** Opening Records supplied block **

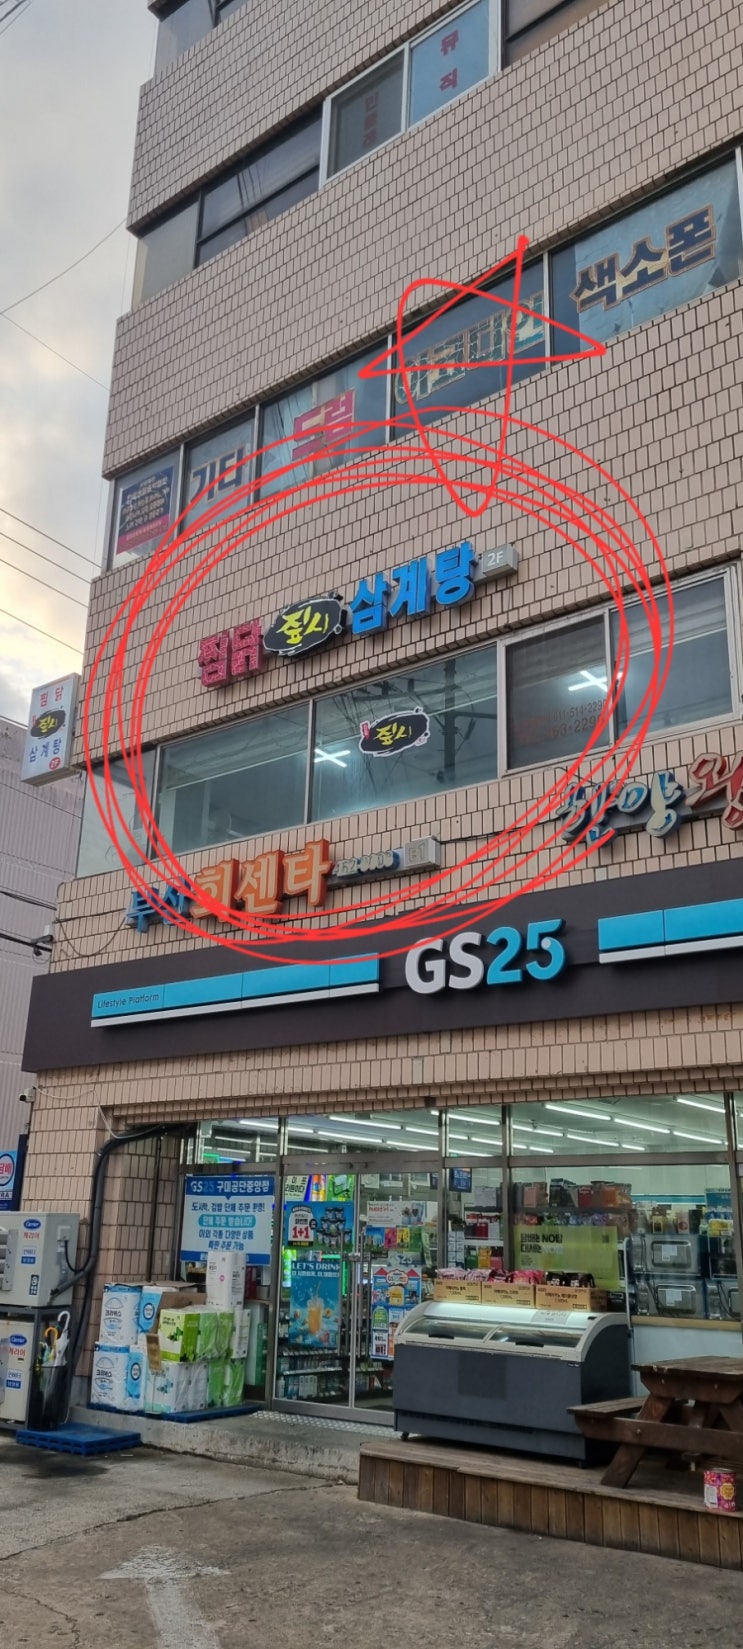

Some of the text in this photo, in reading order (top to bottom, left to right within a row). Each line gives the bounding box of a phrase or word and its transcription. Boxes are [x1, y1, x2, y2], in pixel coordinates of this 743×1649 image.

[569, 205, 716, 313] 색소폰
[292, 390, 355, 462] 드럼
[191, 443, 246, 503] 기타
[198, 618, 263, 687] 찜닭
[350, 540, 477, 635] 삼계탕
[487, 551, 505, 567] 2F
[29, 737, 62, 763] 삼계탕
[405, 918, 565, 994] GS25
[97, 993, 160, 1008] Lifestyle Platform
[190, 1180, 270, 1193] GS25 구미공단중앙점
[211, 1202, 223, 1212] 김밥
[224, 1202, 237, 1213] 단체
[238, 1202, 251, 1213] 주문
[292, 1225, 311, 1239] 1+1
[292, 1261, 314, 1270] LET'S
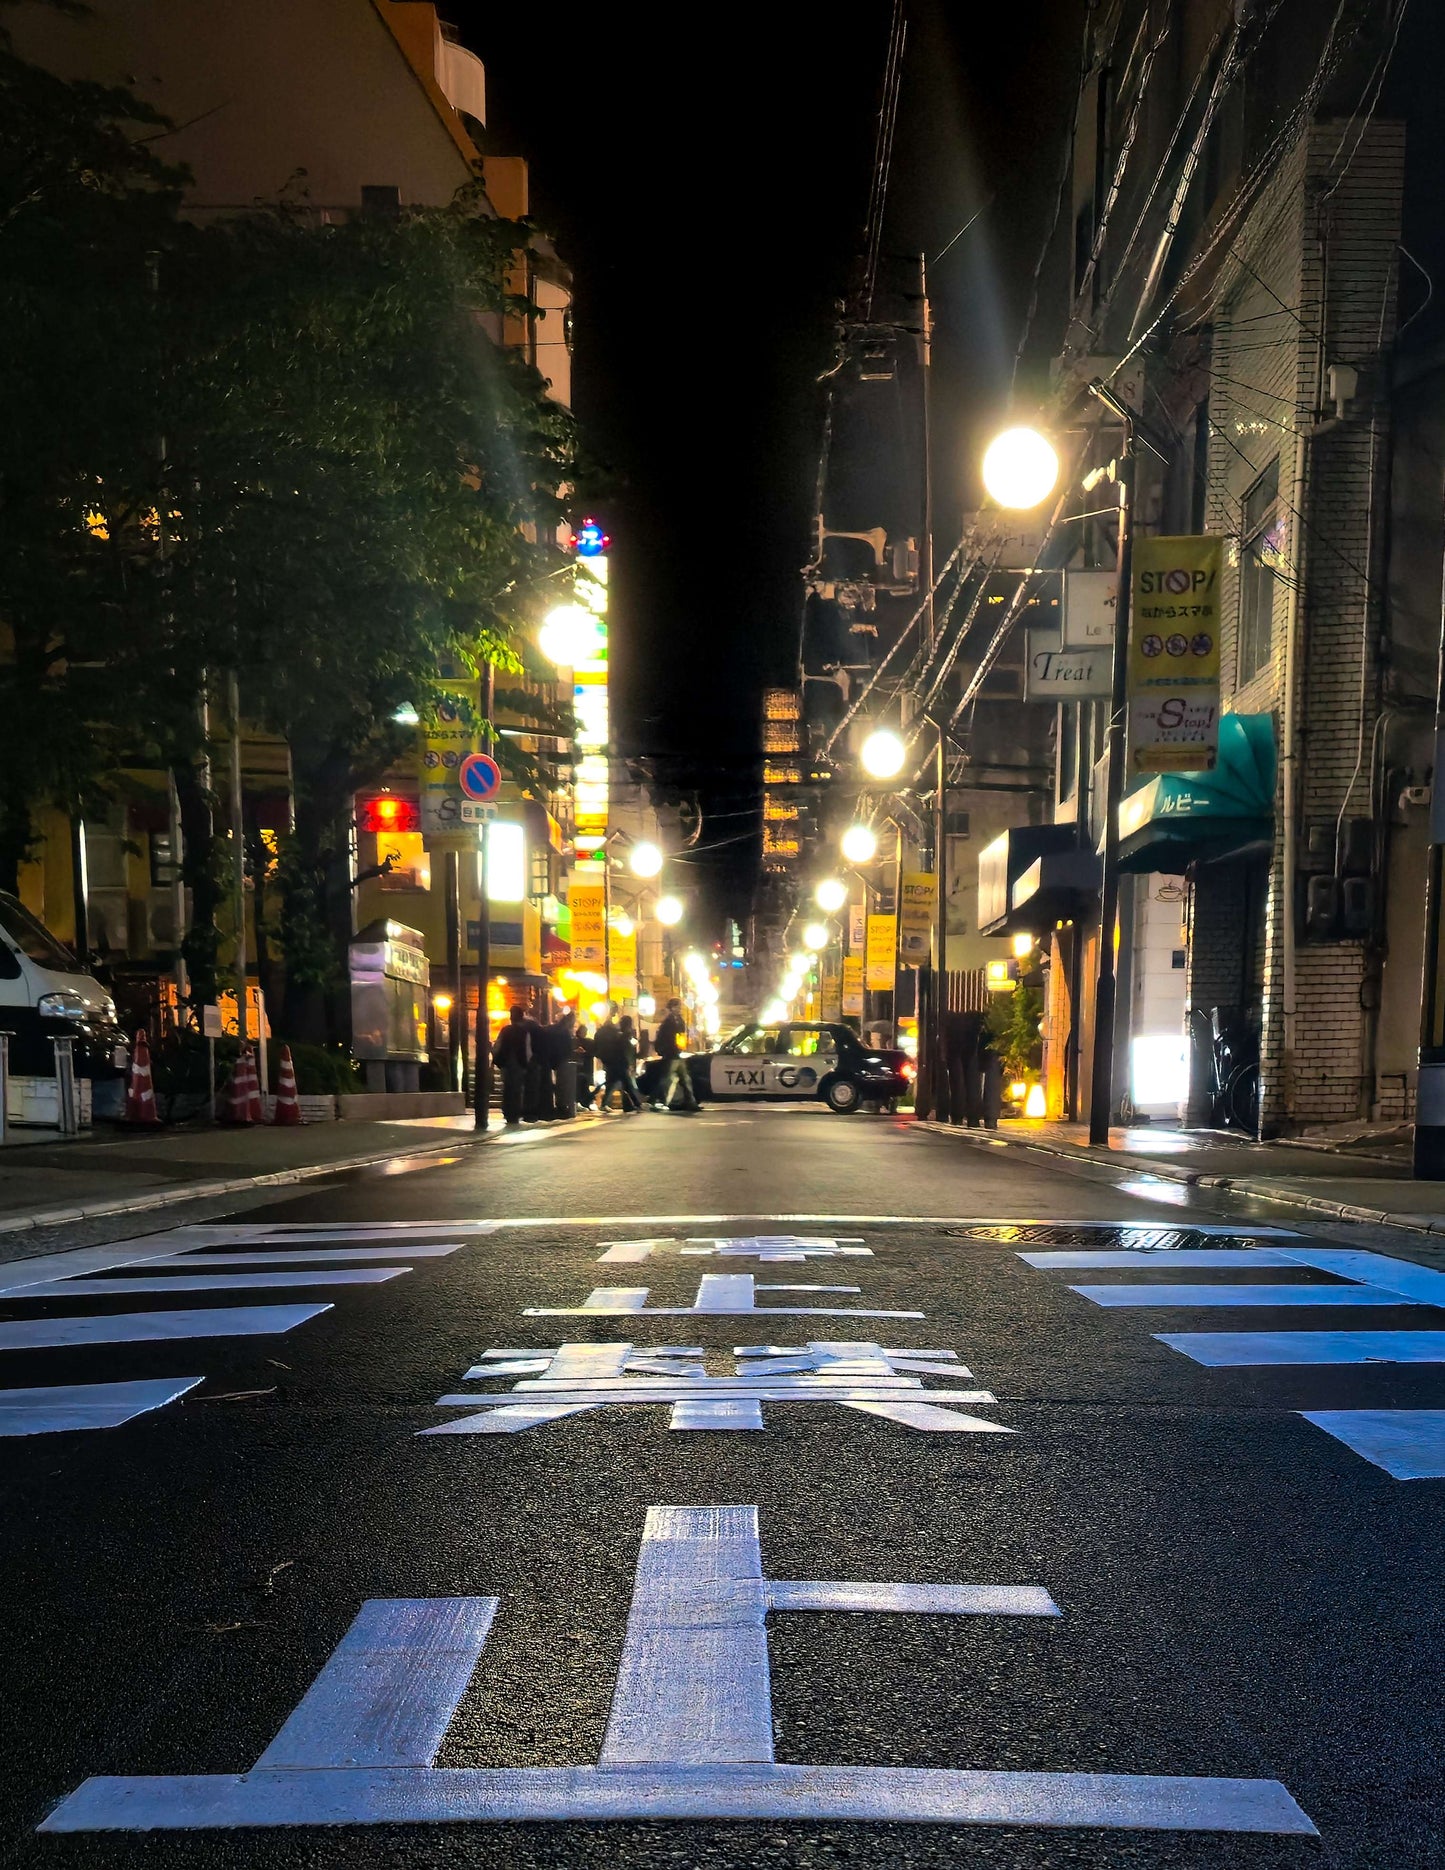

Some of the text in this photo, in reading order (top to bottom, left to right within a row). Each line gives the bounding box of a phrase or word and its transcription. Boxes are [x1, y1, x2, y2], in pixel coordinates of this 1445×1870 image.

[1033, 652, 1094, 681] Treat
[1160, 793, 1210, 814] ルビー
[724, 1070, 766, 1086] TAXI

** Closing Records supplied block **

» Task brief
Give back exactly the lines running from the line that has "this 1445×1870 image." to the end of the entries above.

» Task output
Some of the text in this photo, in reading order (top to bottom, left to right within a row). Each line gives the bounding box of a phrase or word and its transcription. Boxes are [x1, y1, x2, y2], in pixel coordinates of this 1445×1870 image.

[1033, 652, 1094, 681] Treat
[1160, 793, 1210, 814] ルビー
[724, 1070, 766, 1086] TAXI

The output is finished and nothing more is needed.